Es mag erstaunen, sogar irritieren, dass Scholem in einem Reflexionszusammenhang, der Sprache und Sprechen, Namen und Begriffe zum Gegenstand hat, zwischen «Sinn» und «Bedeutung» keinen Unterschied macht. Denn gerade in Bezug auf die vielfältigen kabbalistischen Auslegungen des Gottesnamens drängt sich deren Differenzierung auf.
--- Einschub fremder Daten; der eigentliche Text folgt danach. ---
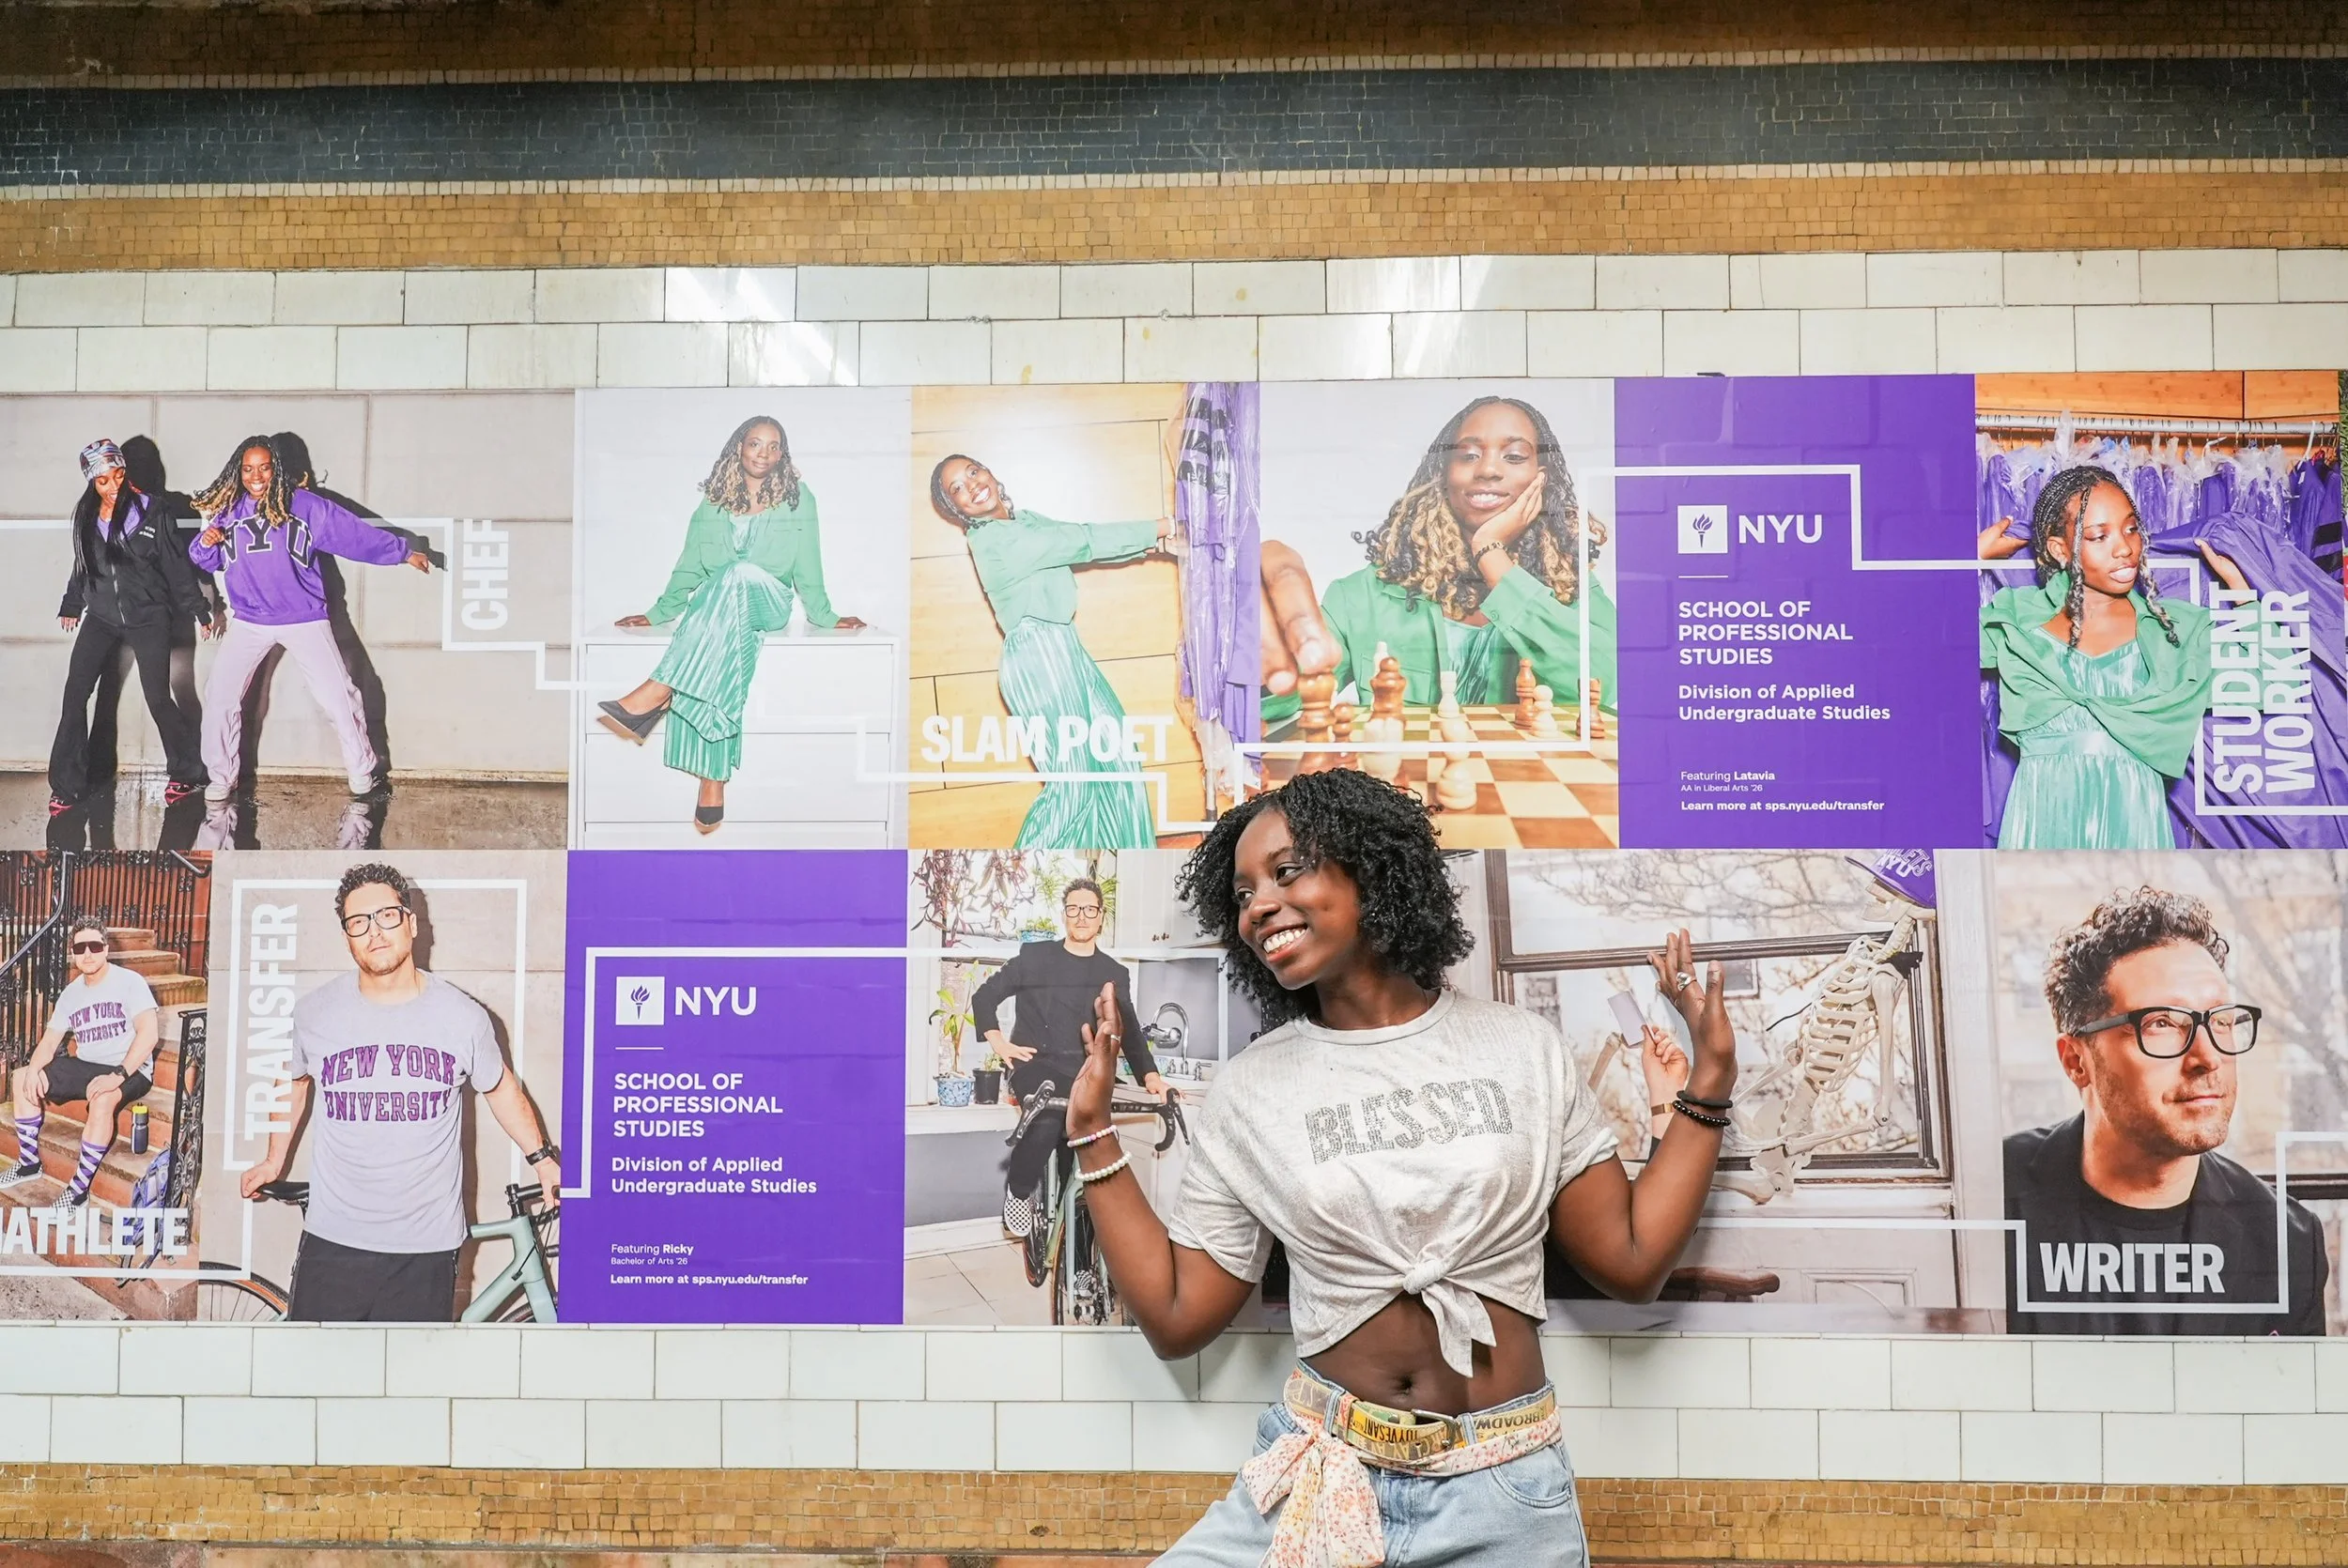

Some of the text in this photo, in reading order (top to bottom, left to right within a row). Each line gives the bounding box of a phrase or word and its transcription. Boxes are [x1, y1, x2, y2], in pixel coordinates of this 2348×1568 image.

[1738, 515, 1824, 544] NYU
[461, 518, 509, 630] CHEF
[1678, 600, 1811, 619] SCHOOL OF
[1678, 623, 1854, 641] PROFESSIONAL
[1679, 647, 1773, 665] STUDIES
[1678, 684, 1855, 701] Division of Applied
[2209, 580, 2264, 794] STUDENT
[2261, 590, 2316, 794] WORKER
[1679, 705, 1891, 723] Undergraduate Studies
[920, 714, 1175, 763] SLAM POET
[1680, 770, 1776, 783] Featuring Latavia
[1680, 784, 1693, 792] AA
[1693, 784, 1702, 792] in
[1703, 784, 1730, 792] Liberal
[1732, 784, 1749, 792] Arts
[1680, 800, 1885, 813] Learn more at sps.nyu.edu/transfer
[674, 986, 758, 1016] NYU
[69, 1002, 126, 1029] NEW YORK
[244, 903, 299, 1141] TRANSFER
[320, 1044, 456, 1087] NEW YORK
[614, 1072, 744, 1090] SCHOOL OF
[613, 1096, 783, 1114] PROFESSIONAL
[613, 1119, 704, 1137] STUDIES
[1304, 1078, 1513, 1165] BLESSED
[611, 1157, 782, 1175] Division of Applied
[611, 1177, 817, 1195] Undergraduate Studies
[0, 1207, 189, 1255] ATHLETE
[611, 1243, 694, 1256] Featuring Ricky
[610, 1256, 645, 1266] Bachelor
[647, 1256, 657, 1266] of
[657, 1256, 674, 1266] Arts
[2039, 1241, 2226, 1294] WRITER
[610, 1274, 809, 1286] Learn more at sps.nyu.edu/transfer
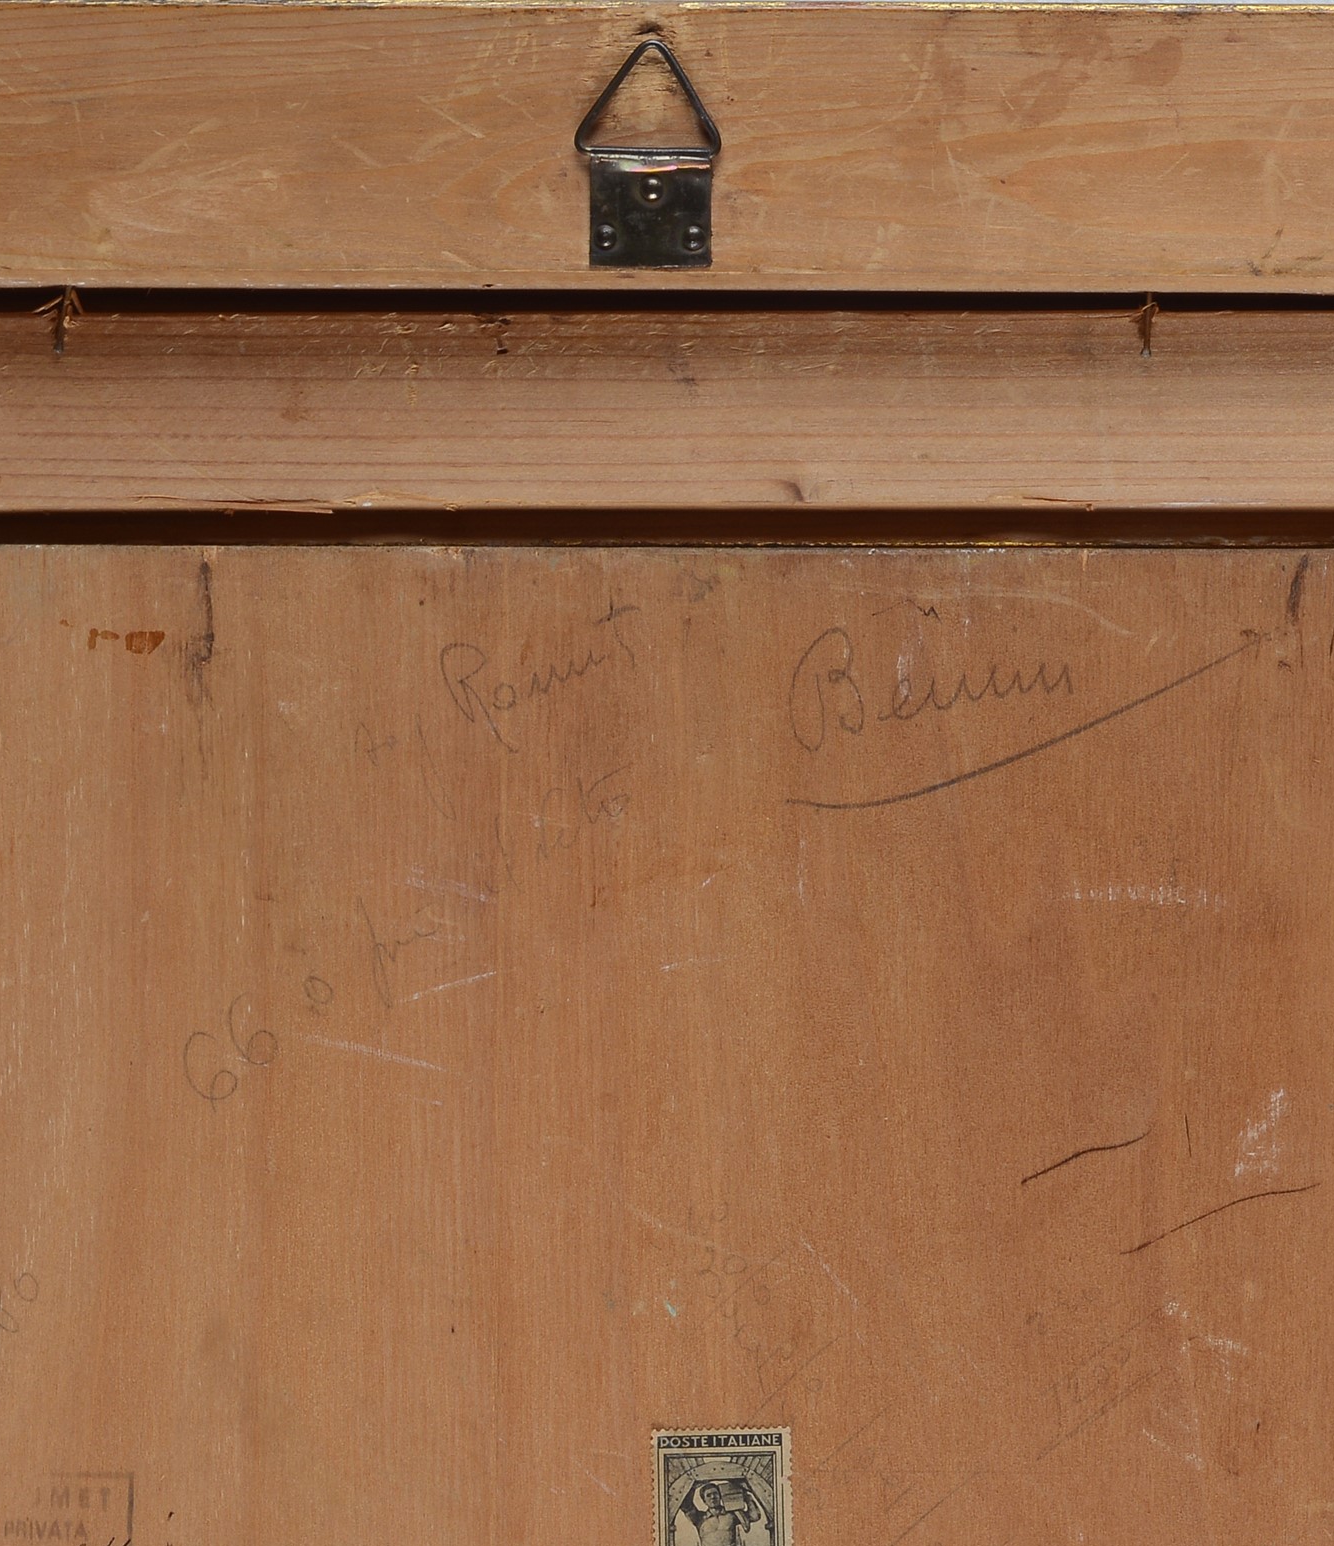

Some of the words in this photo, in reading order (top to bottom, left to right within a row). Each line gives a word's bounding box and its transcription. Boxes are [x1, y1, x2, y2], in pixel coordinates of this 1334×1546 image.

[660, 1436, 708, 1448] POSTE
[712, 1434, 781, 1447] ITALIANE
[4, 1518, 89, 1542] PRIVATA
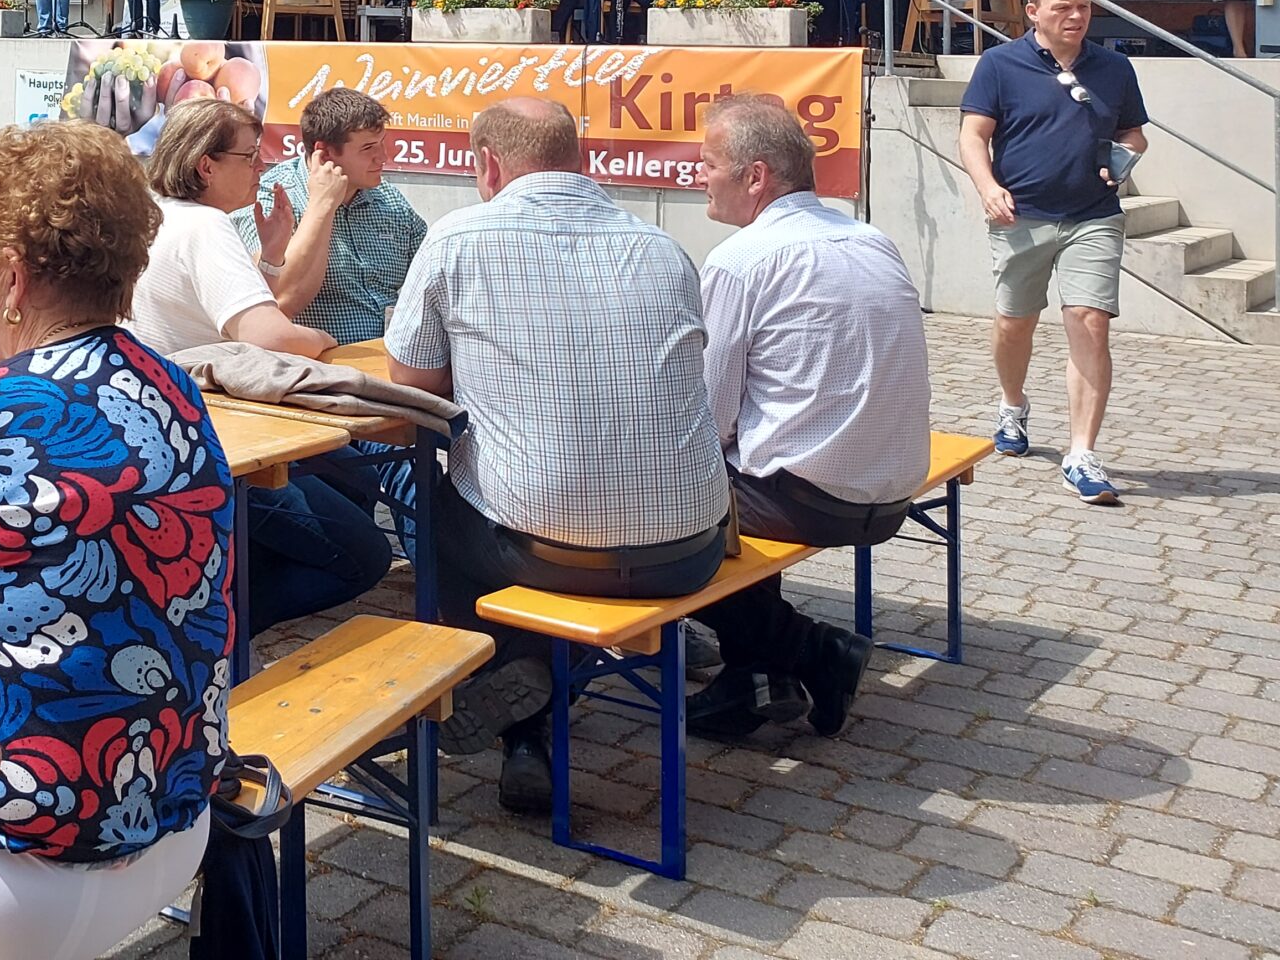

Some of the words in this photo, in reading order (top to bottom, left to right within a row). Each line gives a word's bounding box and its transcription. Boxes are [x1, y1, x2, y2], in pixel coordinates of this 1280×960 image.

[28, 78, 64, 91] Haupts
[407, 114, 453, 129] Marille
[456, 114, 469, 129] in
[609, 72, 843, 153] Kirg
[393, 139, 429, 165] 25.
[436, 142, 477, 168] Jun
Scholem schreibt: «Das Bedeutungslose des Namens Gottes weist auf seine Stellung im Zentrum der Offenbarung hin, der er zugrunde liegt.» Und er fährt, nunmehr ausschliesslich dem «Sinn» nachhängend, wie folgt fort: «Hinter aller Offenbarung eines Sinnes in der Sprache […] steht dies über den Sinn hinausragende, ihn erst ermöglichende Element, das ohne Sinn zu haben allem anderen Sinn verleiht.» Der Satz ist weniger paradoxal, als wie er sich ausnimmt; es genügt, den hier ausschliesslich verwendeten «Sinn»-Begriff an zwei Stellen durch «Bedeutung» zu ersetzen, um die Aussage plausibel zu machen und ausserdem die beiden Begriffe inhaltlich auseinanderzuhalten: Hinter aller Offenbarung eines Sinns in der Sprache steht dies über die Bedeutung hinausragende, sie erst ermöglichende Element, das ohne Bedeutung zu haben allem andern Sinn verleiht.
In solchem Verständnis ist es richtig und angebracht, den Namen Gottes, wie Scholem es tut, «bedeutungslos» zu nennen; ihn aber als «sinnlos» zu bezeichnen, wäre ganz verfehlt, da die (keineswegs nur durch die Kabbala bezeugte) Sinnfülle des Gottesnamens gerade dessen Bedeutungsleere voraussetzt. Nur dort lässt sich – nach Belieben und jeweils individuell – Sinn machen, Sinn gewinnen, wo keine bestimmte und also die Lesart bestimmende Bedeutung vorgegeben ist, die die subjektive Sinnbildung beeinträchtigt oder gar verhindert. Eine logisch kohärente, inhaltlich konsistente Aussage, wie sie in diskursiven Texten erwünscht und üblich ist, artikuliert in aller Regel eine vorgegebne Bedeutung, die vom Leser – von allen Lesern – erschlossen werden muss und auch eindeutig erschlossen werden kann.
Bei alogischen Texten, wie man sie in vielen Kulturkreisen aus der Mystik, aus der Poesie kennt, gibt es eine solche Bedeutungsvorgabe nicht, im Gegenteil, ihr Bedeutungsgehalt wird so weitgehend minimiert, dass sie im eigenmächtigen Akt der Lektüre oder auch des Hinhörens ein Maximum an Sinn, und zwar an immer wieder anderm, neuem Sinn entfalten können. Deshalb gewinnen starke poetische wie auch mystische Texte mit zunehmendem Alter an Sinn, während diskursives, primär auf Mitteilung, auf Wissensvermittlung, das heisst auf Bedeutungstransfer angelegtes Schrifttum seine aktuelle Geltung über kurz oder lang verliert.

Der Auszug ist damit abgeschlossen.